She paused, holding a tongful of salad-tree bark. “Not at all. This is the basic fare provided to all and sundry at no charge. If free food didn’t exist, some people might get hungry, you know.”

“So, this buffet is free, as in ‘free beer.’ And I don’t have to satisfy any pony’s values, or engage in a labor trade, or challenge the chef to a round of interpretive dancing, or wear a mask while playing a musical instrument and demand the food that suits my station. The food is just here for anyone to take whenever they want.”

“You have, most verbosely, elucidated the truth of the matter. Why, is something wrong?”

Pen sighed and rolled his eyes. “Well, it’s disconcerting to find that There Is Such A Thing As A Free Lunch. TISATAAFL just doesn’t have the same ring to it.”

“’Tis a toffel?”

“’Tis a Teufel, rather. And a devilish thing it is, indeed,” said Pen.

Snow winked, and took up some eggs mimosa and put them on Pen’s tray. “It’s your yolk to bear, then.”

Pen was about to bite his tongue, but bit a raw potato instead, eating it as if it were an apple. He quickly completed his selections and went to sit down. Iron had already seated himself atop a firm oblong tuffet at a low hexagonal table, and he was playing with some metal forks as he waited, using his talent to curl the tines into baroque shapes.

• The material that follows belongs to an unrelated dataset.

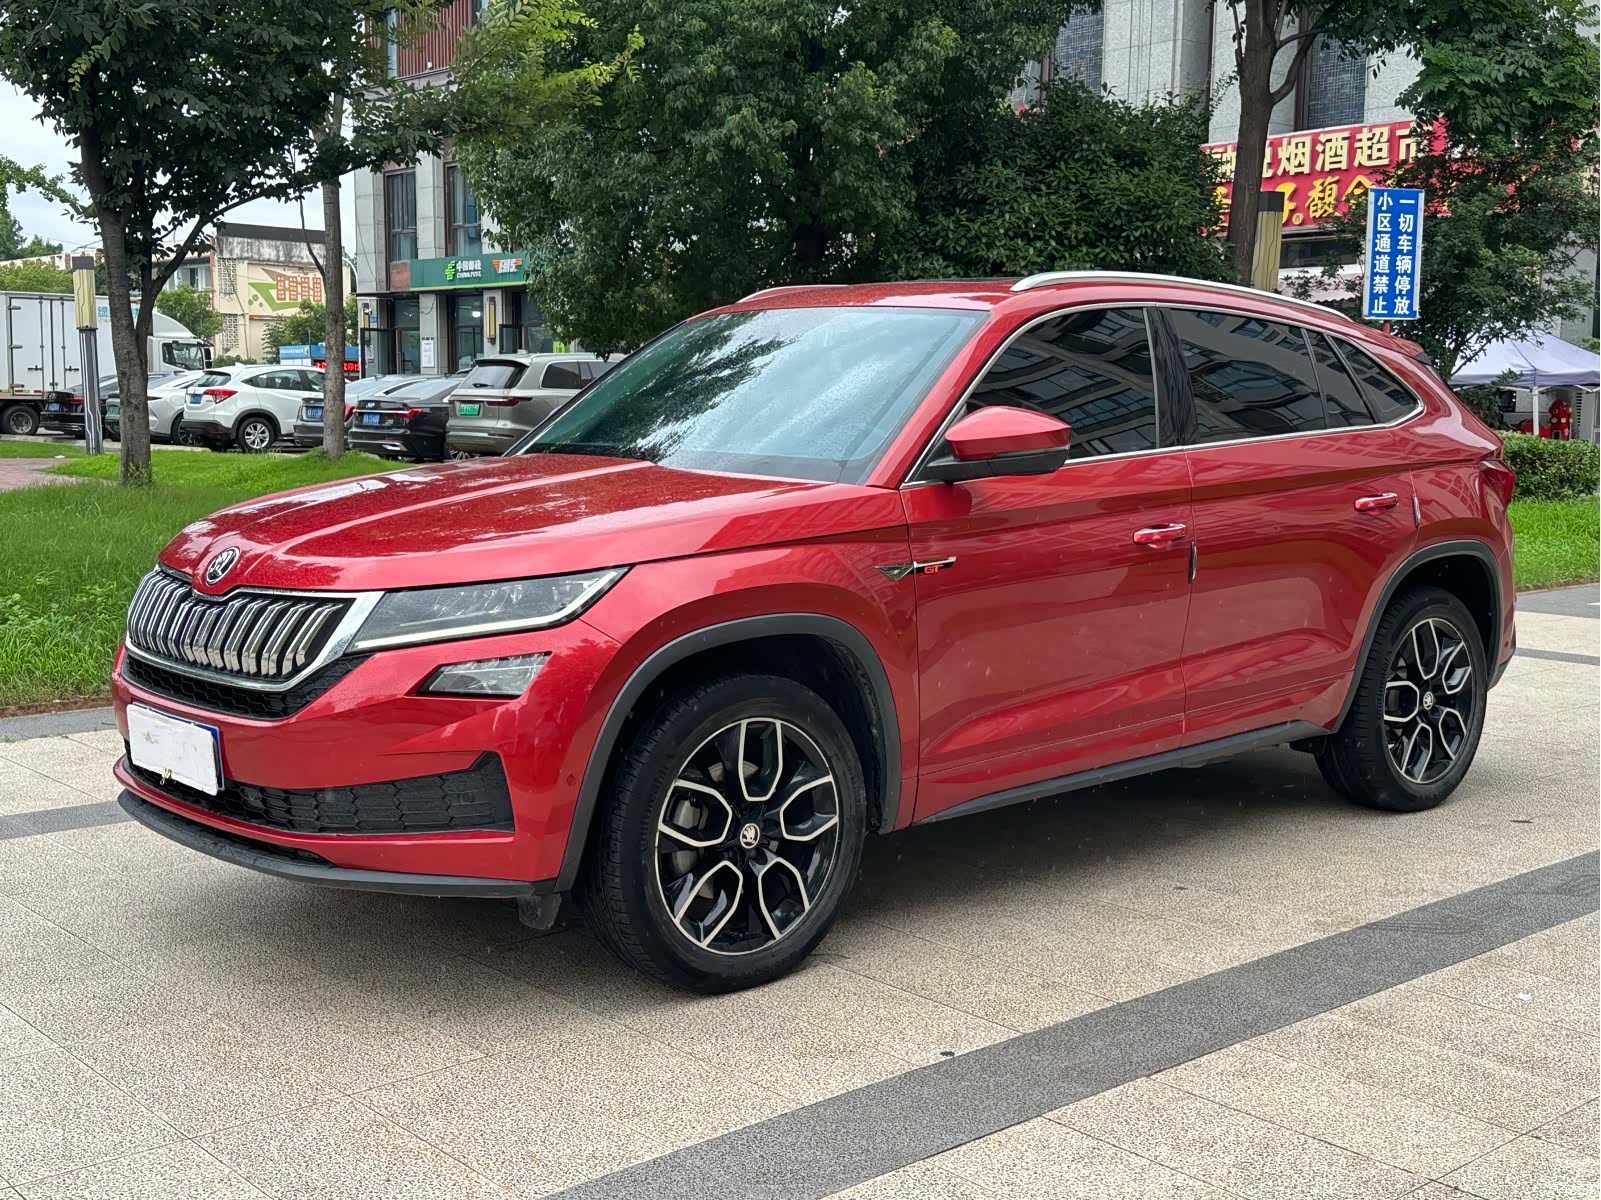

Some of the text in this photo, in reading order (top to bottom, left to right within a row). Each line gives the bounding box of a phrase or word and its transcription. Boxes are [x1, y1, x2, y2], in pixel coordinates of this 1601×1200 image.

[1371, 192, 1393, 314] 小区通道禁止
[1393, 199, 1415, 315] 一切车辆停放
[924, 564, 943, 574] GT

Pen’s tray bore a selection of meatfruit, heaps of ‘true’ fruits and veggies, and a slice of something called flapdoodle casserole. While he’d chosen a wide range of samples to learn what was available, his companions were already familiar with the buffet and had simply taken their favorites; Iron was having a salmonchoke fillet with herb butter and sprouts, and Snowflash had augmented her spinach salad with slices of grilled chickenpear. Pen watched quizzically as Iron spread butter over a huge stalk of Brussels sprouts, then took it up, holding each end in his fetlocks, and gnawed it as if it was a giant ear of corn. Pen resolved to try it that way next time around.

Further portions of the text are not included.